INFORMATION Block Start

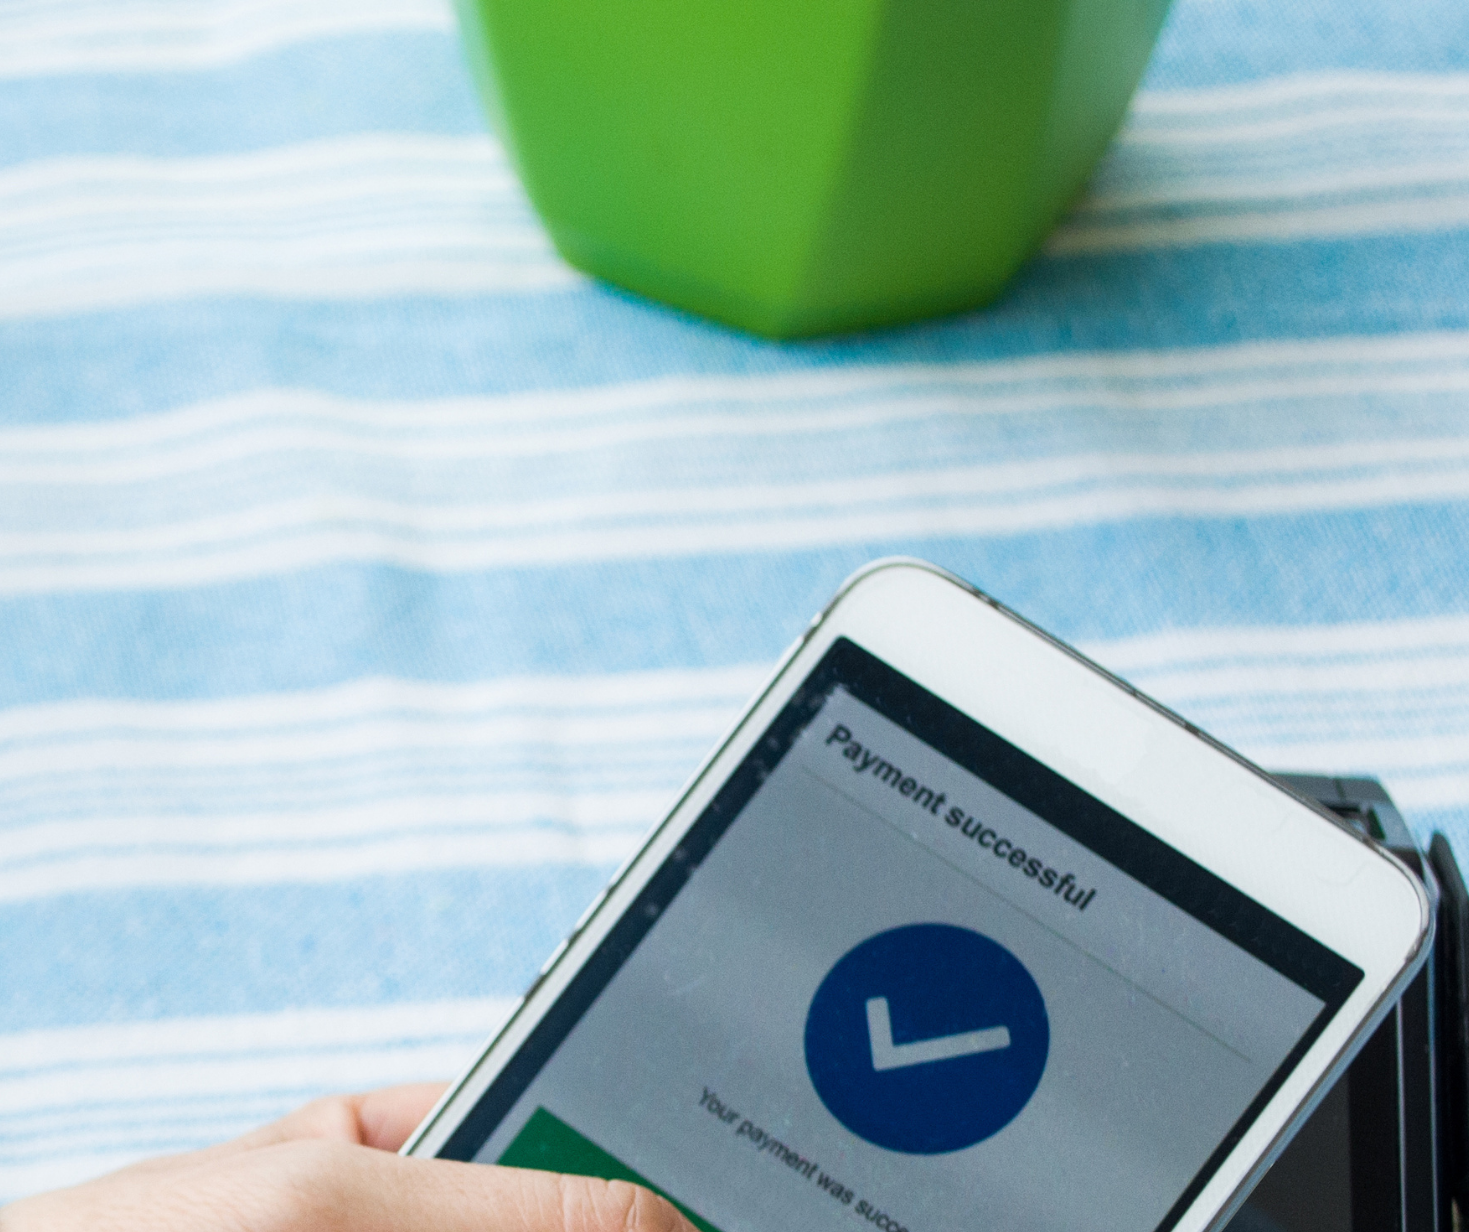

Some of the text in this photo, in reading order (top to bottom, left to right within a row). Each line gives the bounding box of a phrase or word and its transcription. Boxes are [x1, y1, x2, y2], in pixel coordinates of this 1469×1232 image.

[824, 722, 1098, 913] Payment successful
[699, 1085, 741, 1126] Your
[735, 1118, 820, 1181] payment
[816, 1171, 856, 1206] was
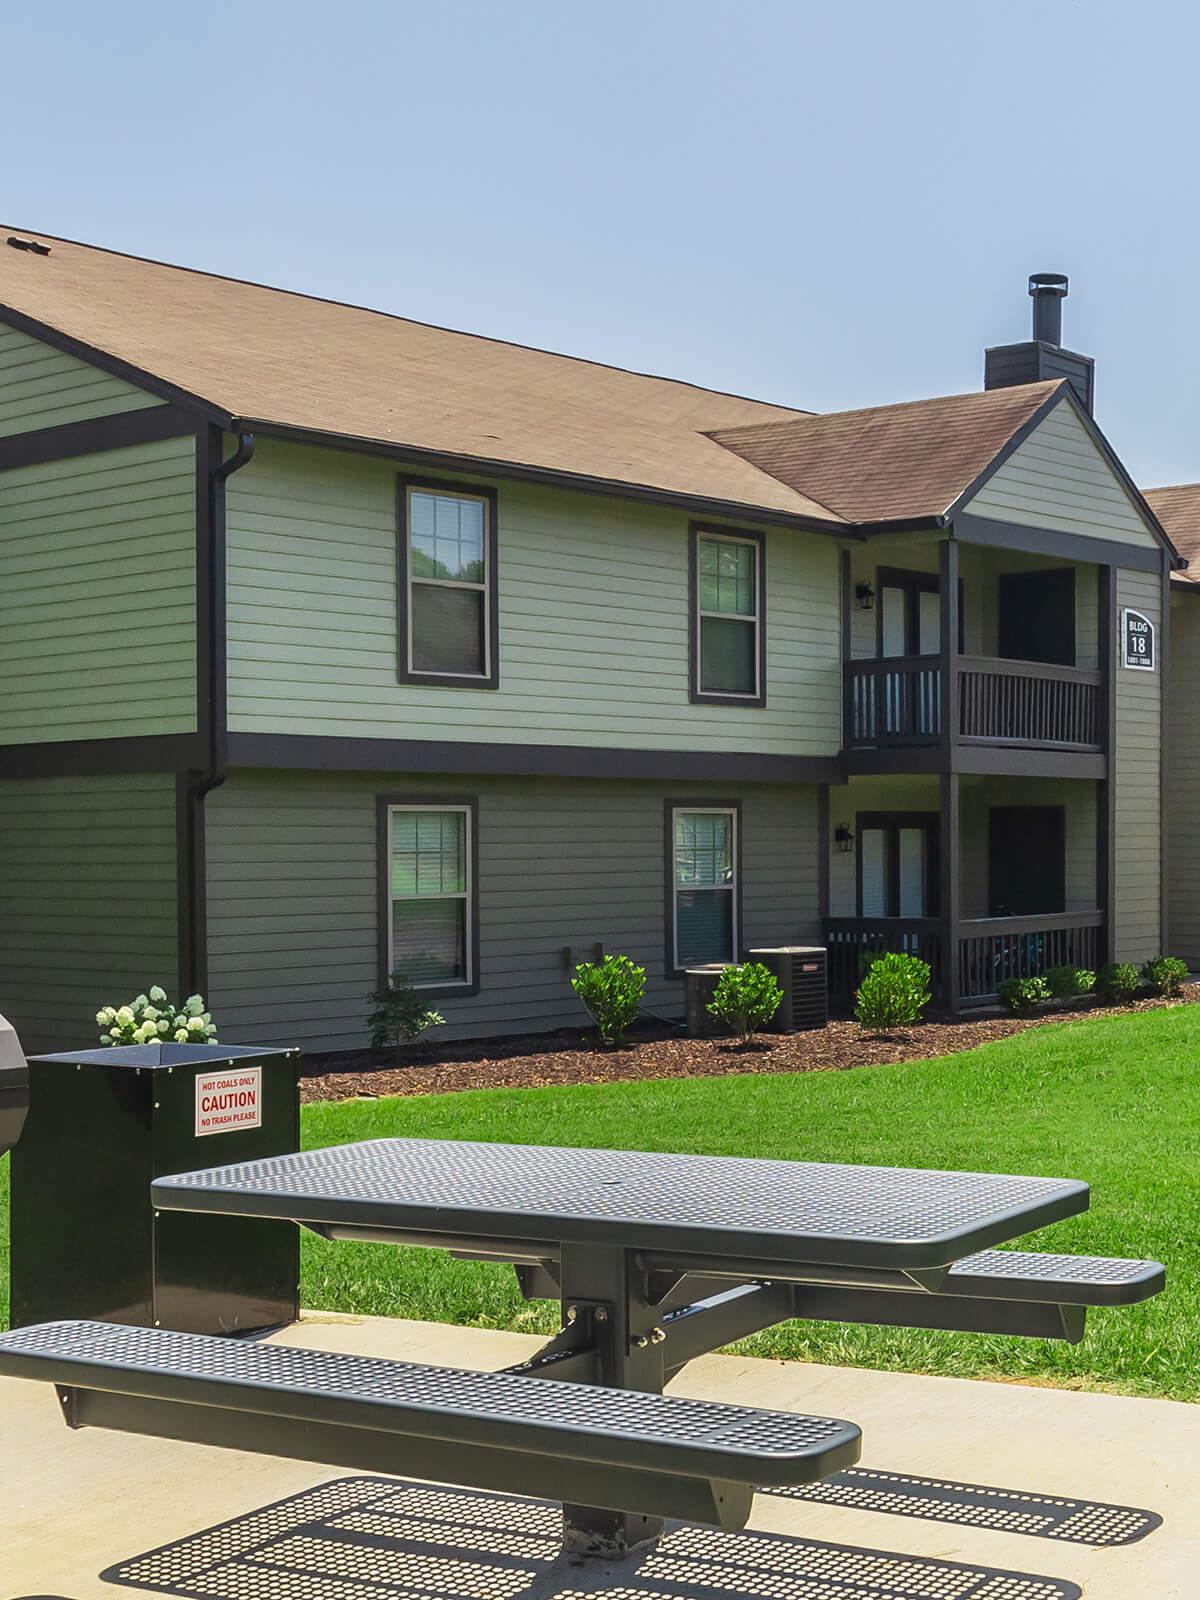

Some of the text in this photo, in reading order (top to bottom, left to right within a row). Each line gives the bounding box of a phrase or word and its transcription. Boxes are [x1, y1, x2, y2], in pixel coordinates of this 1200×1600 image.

[1129, 621, 1148, 632] BLDG
[1132, 636, 1146, 653] 18
[203, 1077, 255, 1091] HOT COALS ONLY
[202, 1091, 256, 1112] CAUTION
[201, 1111, 256, 1127] NO TRASH PLEASE
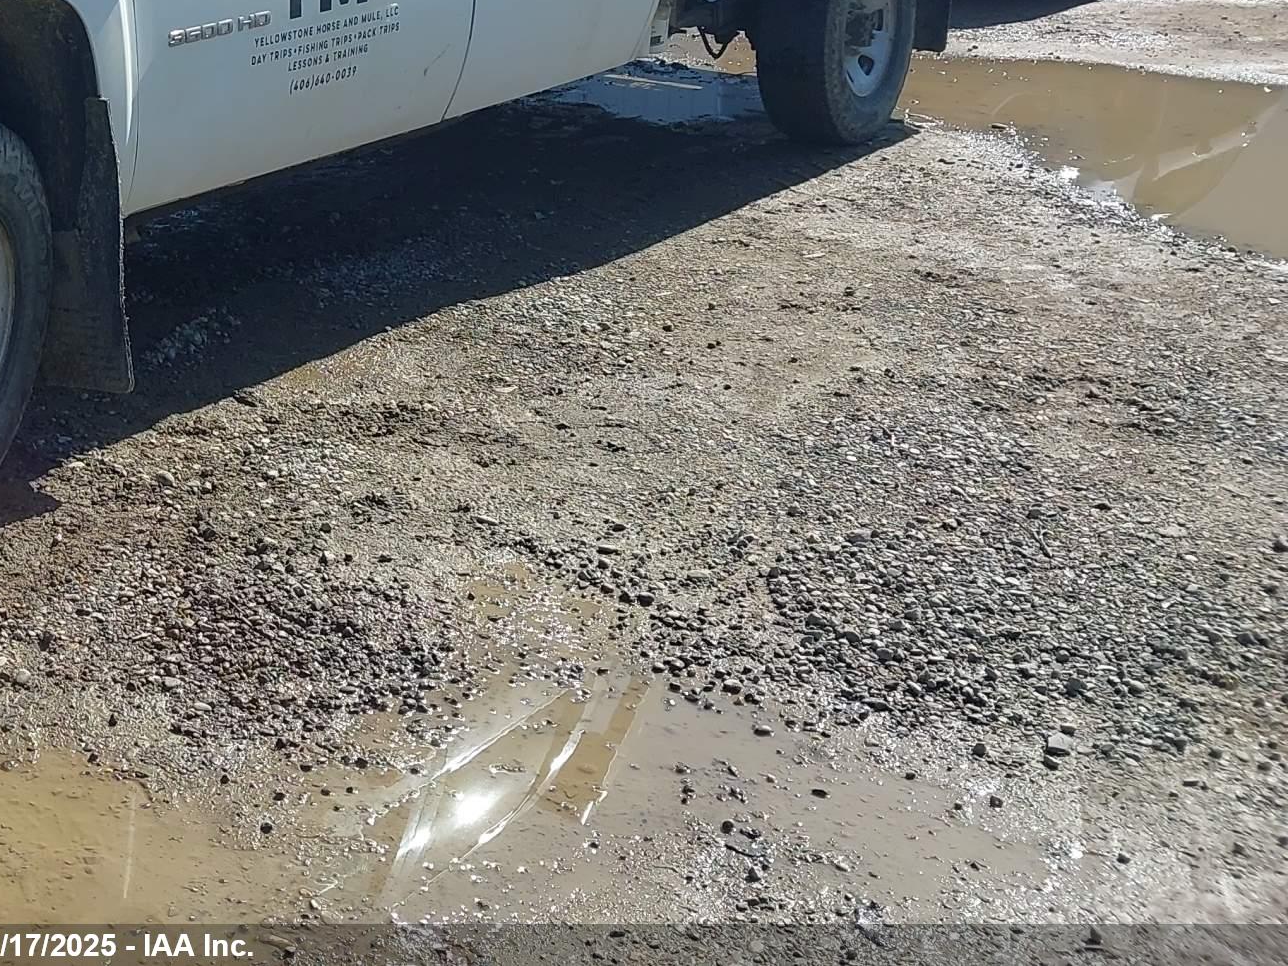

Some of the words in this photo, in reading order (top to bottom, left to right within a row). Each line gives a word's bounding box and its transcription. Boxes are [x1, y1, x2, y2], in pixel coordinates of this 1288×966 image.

[237, 10, 271, 32] HD
[254, 29, 314, 48] YELLOWSTONE
[316, 20, 341, 34] HORSE
[343, 16, 359, 27] AND
[362, 11, 384, 23] MULE,
[385, 6, 399, 18] LLC
[251, 53, 266, 66] DAY
[379, 22, 400, 34] TRIPS
[287, 56, 322, 72] LESSONS
[324, 53, 330, 63] &
[333, 43, 368, 61] TRAINING
[289, 65, 357, 94] (406)640-0039
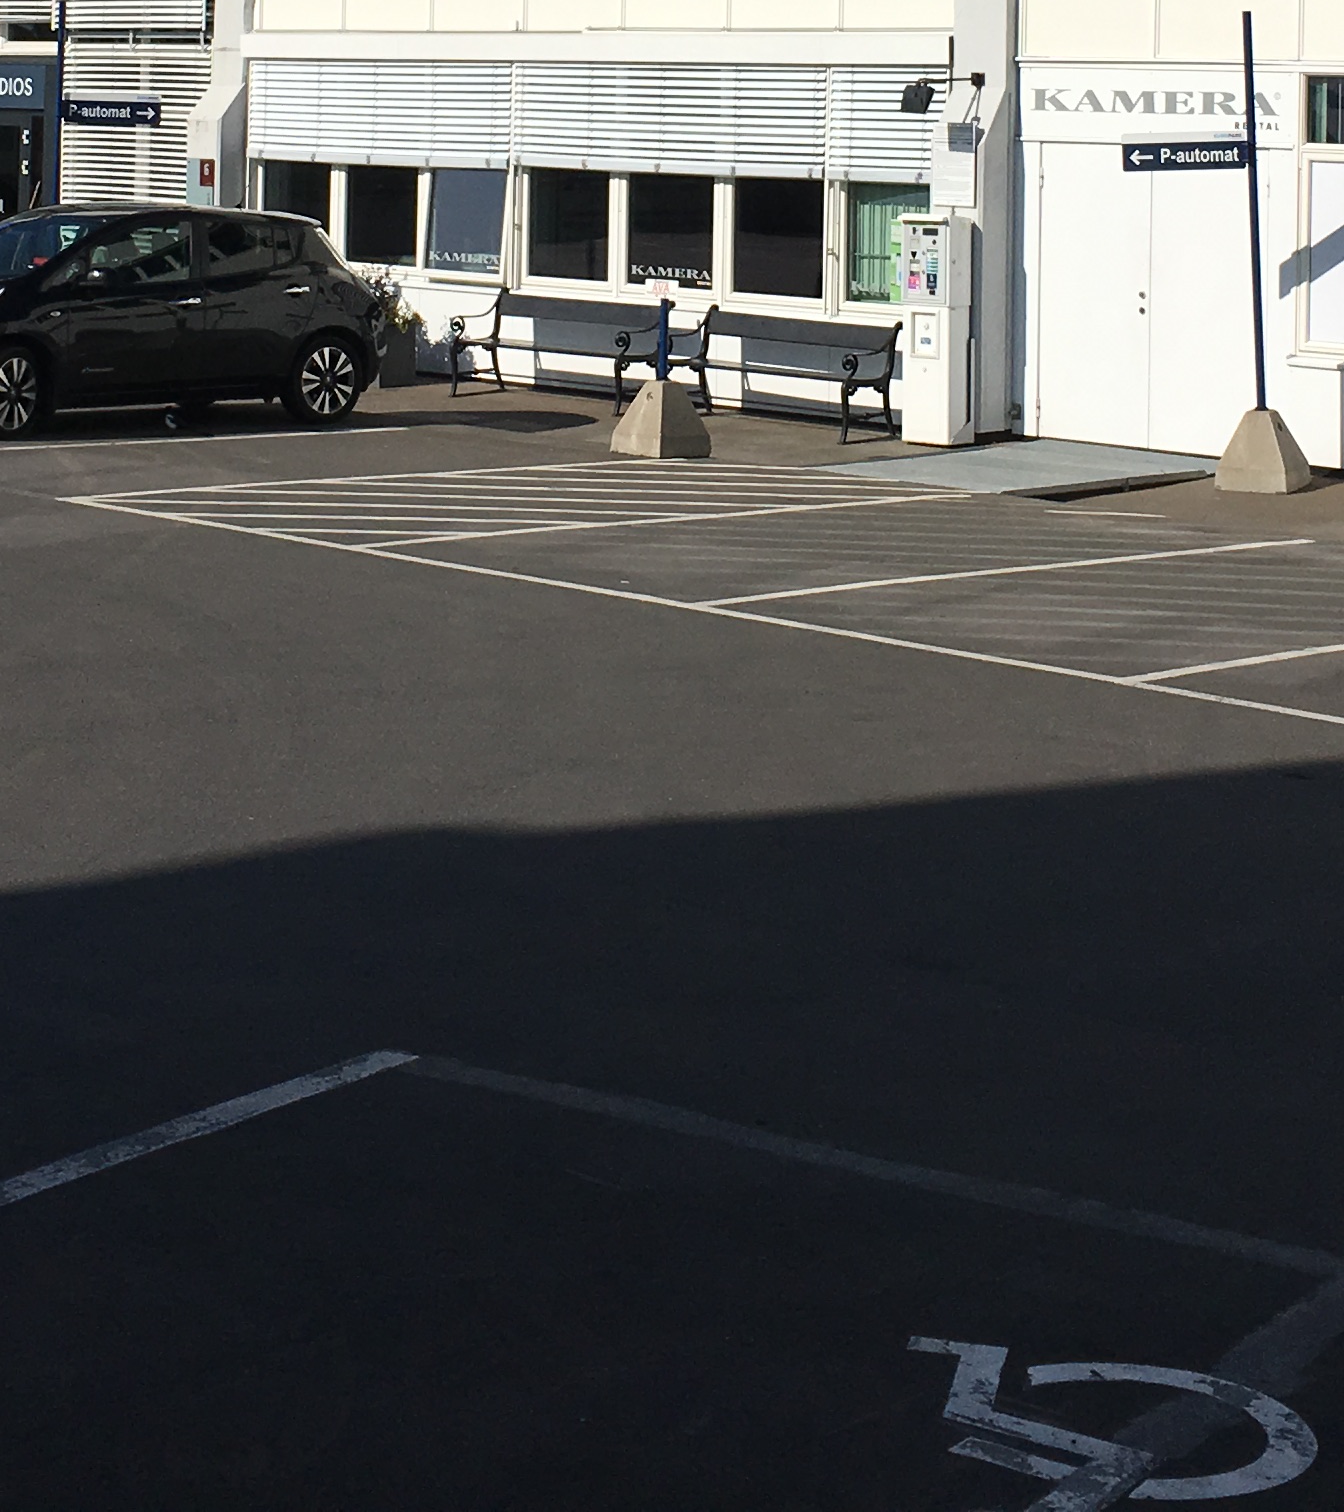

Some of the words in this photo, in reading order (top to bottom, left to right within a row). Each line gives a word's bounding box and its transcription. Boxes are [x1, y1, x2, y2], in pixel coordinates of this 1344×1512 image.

[1030, 88, 1280, 117] KAMERA
[69, 104, 131, 118] P-automat
[1234, 121, 1280, 131] RETAL
[1160, 146, 1239, 163] P-automat
[203, 163, 210, 176] 6
[429, 250, 501, 265] KAMERA
[631, 264, 711, 280] KAMERA
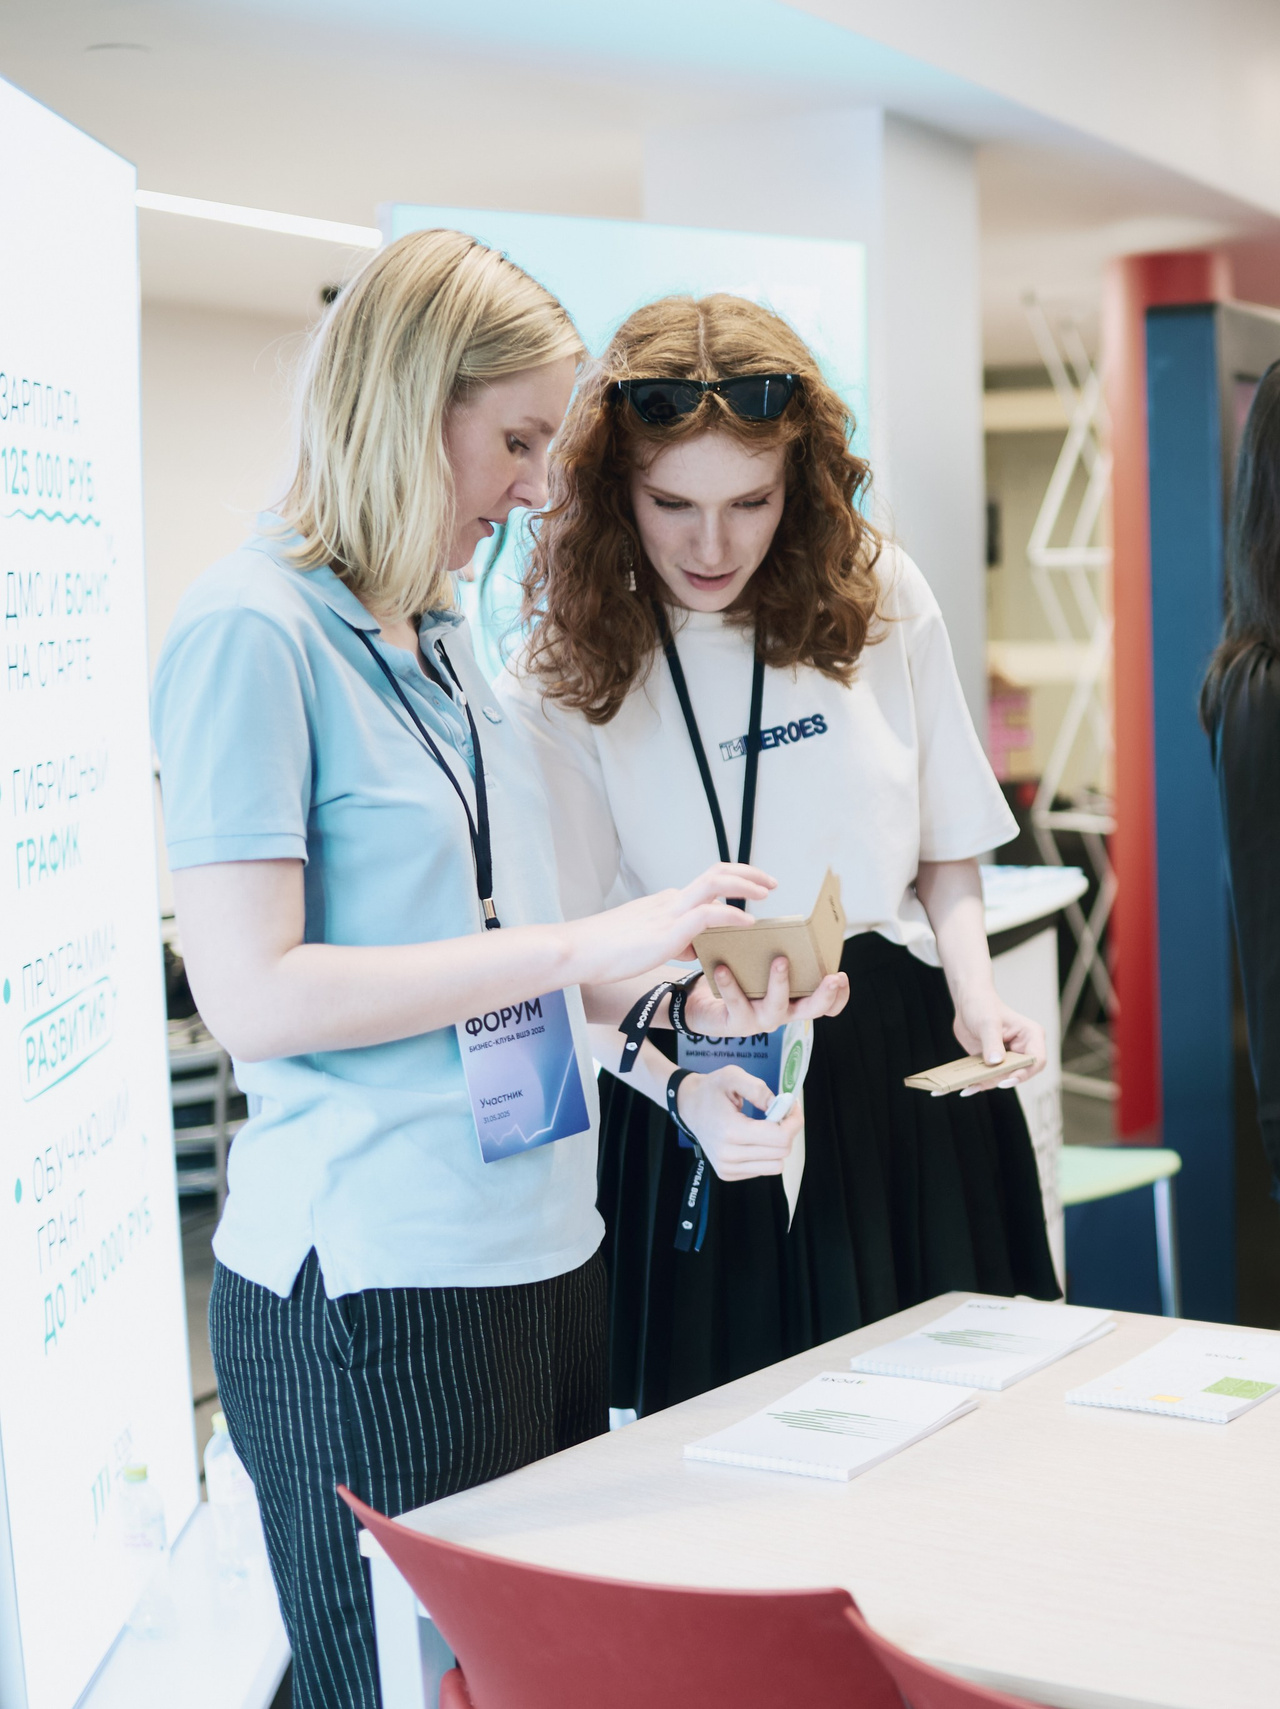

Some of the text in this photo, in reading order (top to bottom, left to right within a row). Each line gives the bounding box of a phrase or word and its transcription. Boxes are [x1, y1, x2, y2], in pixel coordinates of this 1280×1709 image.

INFORMATION Block End

Could you transcribe the records above exactly, leaving out any pictures?

ANSWER FOR THE TASK ::
Some of the text in this photo, in reading order (top to bottom, left to right within a row). Each line gives the bounding box of a phrase or word and its transcription. Boxes are [x1, y1, x2, y2], in pixel coordinates of this 1469×1232 image.

[824, 722, 1098, 913] Payment successful
[699, 1085, 741, 1126] Your
[735, 1118, 820, 1181] payment
[816, 1171, 856, 1206] was

Some of the text in this photo, in reading order (top to bottom, left to right within a row). Each line gives the bounding box of a phrase or word and its transcription. Boxes are [x1, y1, x2, y2], in pixel coordinates of this 1200×1600 image.

[1129, 621, 1148, 632] BLDG
[1132, 636, 1146, 653] 18
[203, 1077, 255, 1091] HOT COALS ONLY
[202, 1091, 256, 1112] CAUTION
[201, 1111, 256, 1127] NO TRASH PLEASE

Some of the words in this photo, in reading order (top to bottom, left to right within a row). Each line gives a word's bounding box and its transcription. Boxes are [x1, y1, x2, y2], in pixel coordinates of this 1288×966 image.

[237, 10, 271, 32] HD
[254, 29, 314, 48] YELLOWSTONE
[316, 20, 341, 34] HORSE
[343, 16, 359, 27] AND
[362, 11, 384, 23] MULE,
[385, 6, 399, 18] LLC
[251, 53, 266, 66] DAY
[379, 22, 400, 34] TRIPS
[287, 56, 322, 72] LESSONS
[324, 53, 330, 63] &
[333, 43, 368, 61] TRAINING
[289, 65, 357, 94] (406)640-0039

Some of the words in this photo, in reading order (top to bottom, left to right within a row). Each line gives a word's bounding box and its transcription. Boxes are [x1, y1, x2, y2], in pixel coordinates of this 1344×1512 image.

[1030, 88, 1280, 117] KAMERA
[69, 104, 131, 118] P-automat
[1234, 121, 1280, 131] RETAL
[1160, 146, 1239, 163] P-automat
[203, 163, 210, 176] 6
[429, 250, 501, 265] KAMERA
[631, 264, 711, 280] KAMERA

Some of the text in this photo, in reading order (top to bottom, left to right within a row). Each line gives the bounding box of a phrase or word and its transcription. Boxes are [x1, y1, x2, y2], in pixel coordinates of this 1280×1709 image.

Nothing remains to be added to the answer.